» Problem
Only one stretch of the records below should be repeated. It starts with the line containing "this 1363×1233 image." and goes on through the line containing "Some of the text", exactly as written.

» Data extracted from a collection

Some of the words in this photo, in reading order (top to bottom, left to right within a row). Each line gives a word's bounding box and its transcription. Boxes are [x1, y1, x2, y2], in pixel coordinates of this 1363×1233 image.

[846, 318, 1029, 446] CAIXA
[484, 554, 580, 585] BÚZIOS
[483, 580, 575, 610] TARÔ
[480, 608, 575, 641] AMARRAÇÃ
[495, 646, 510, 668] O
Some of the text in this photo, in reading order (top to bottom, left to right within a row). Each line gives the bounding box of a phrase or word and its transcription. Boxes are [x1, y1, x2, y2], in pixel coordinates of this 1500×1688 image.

--

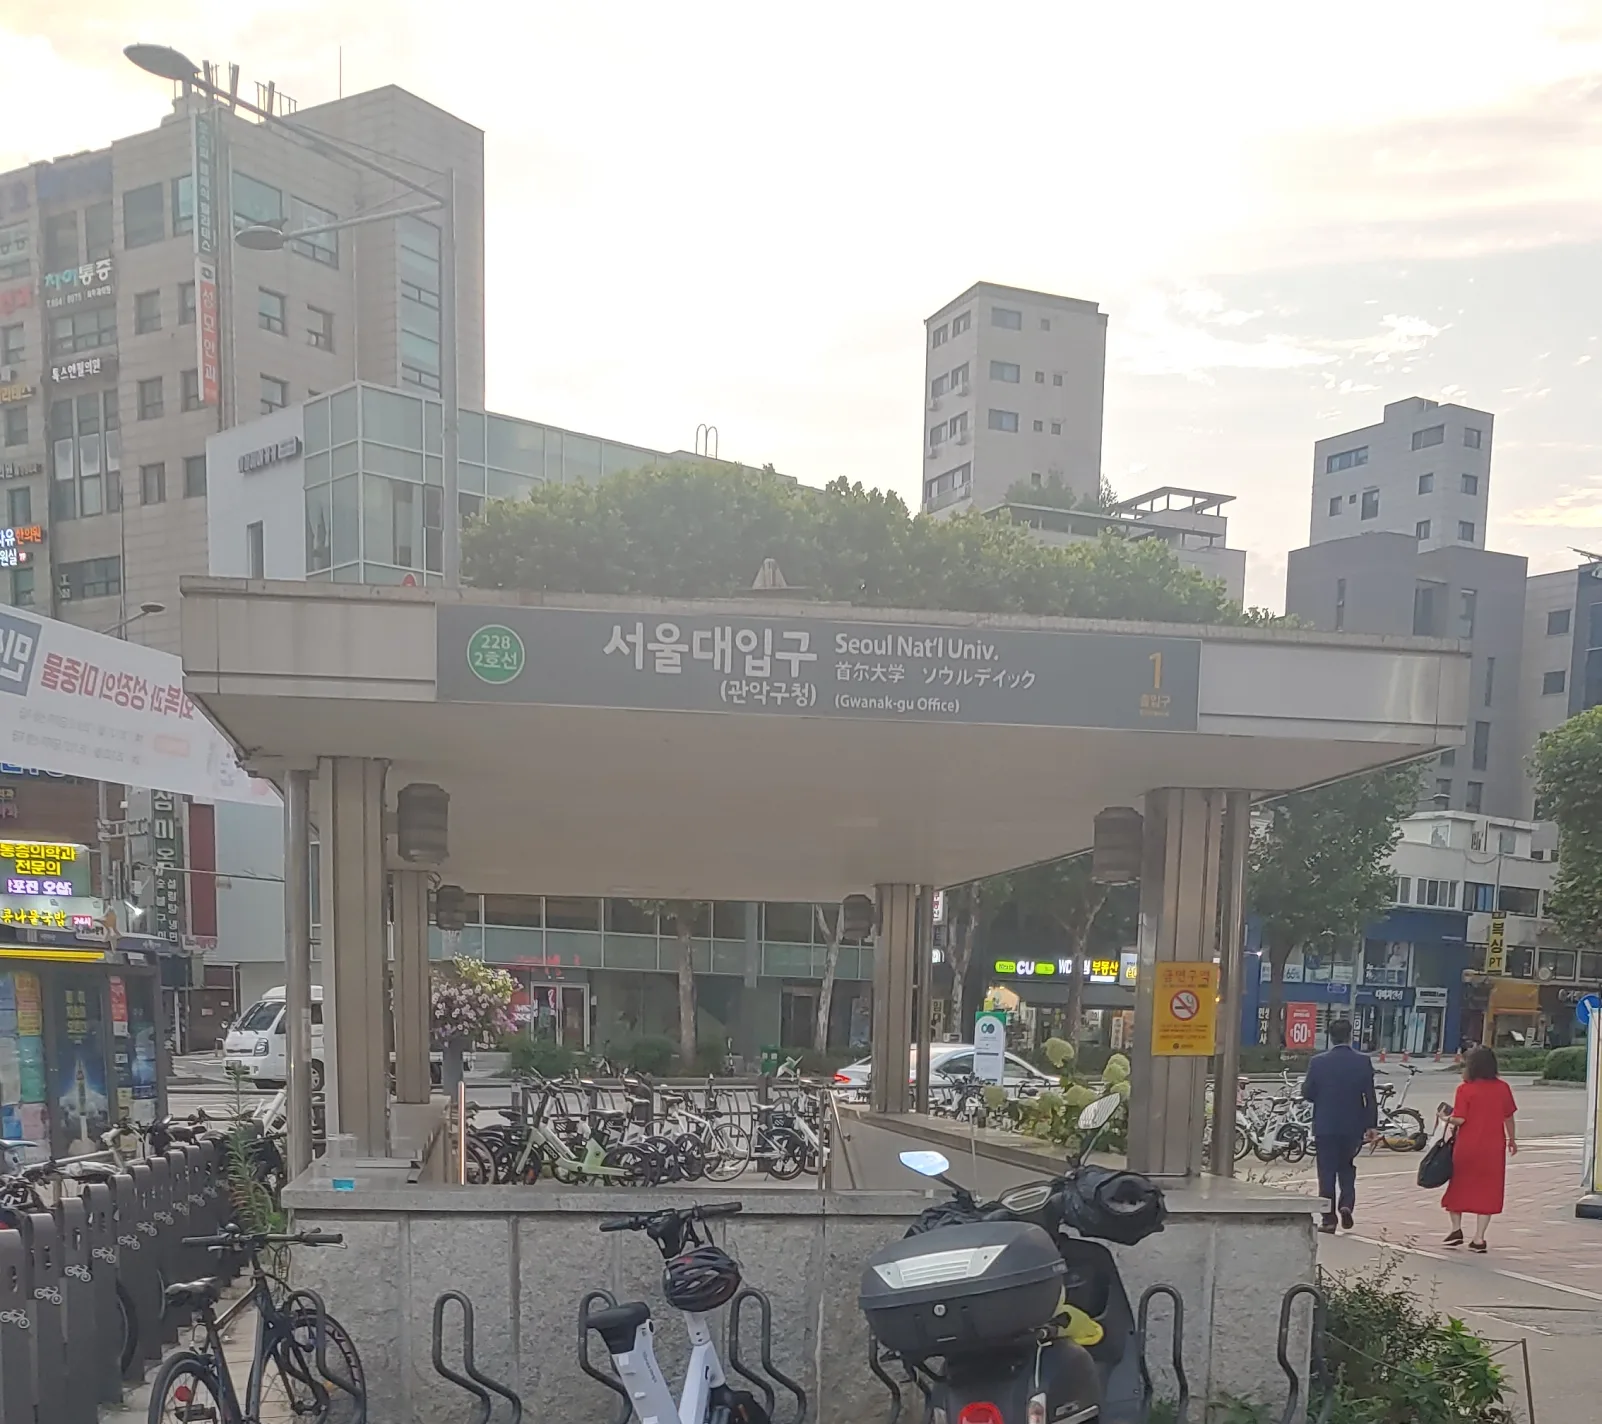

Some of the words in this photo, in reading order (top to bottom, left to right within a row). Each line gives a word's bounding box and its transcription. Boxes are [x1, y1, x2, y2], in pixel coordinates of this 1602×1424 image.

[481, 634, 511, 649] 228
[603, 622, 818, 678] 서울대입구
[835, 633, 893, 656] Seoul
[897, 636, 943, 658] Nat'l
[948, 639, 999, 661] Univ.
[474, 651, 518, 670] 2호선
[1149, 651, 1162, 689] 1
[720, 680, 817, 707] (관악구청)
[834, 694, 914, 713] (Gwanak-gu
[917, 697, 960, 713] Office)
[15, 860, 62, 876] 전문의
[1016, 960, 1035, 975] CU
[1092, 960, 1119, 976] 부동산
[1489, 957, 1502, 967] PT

» Response to this exercise
Some of the words in this photo, in reading order (top to bottom, left to right within a row). Each line gives a word's bounding box and its transcription. Boxes are [x1, y1, x2, y2], in pixel coordinates of this 1363×1233 image.

[846, 318, 1029, 446] CAIXA
[484, 554, 580, 585] BÚZIOS
[483, 580, 575, 610] TARÔ
[480, 608, 575, 641] AMARRAÇÃ
[495, 646, 510, 668] O
Some of the text in this photo, in reading order (top to bottom, left to right within a row). Each line gives the bounding box of a phrase or word and its transcription. Boxes are [x1, y1, x2, y2], in pixel coordinates of this 1500×1688 image.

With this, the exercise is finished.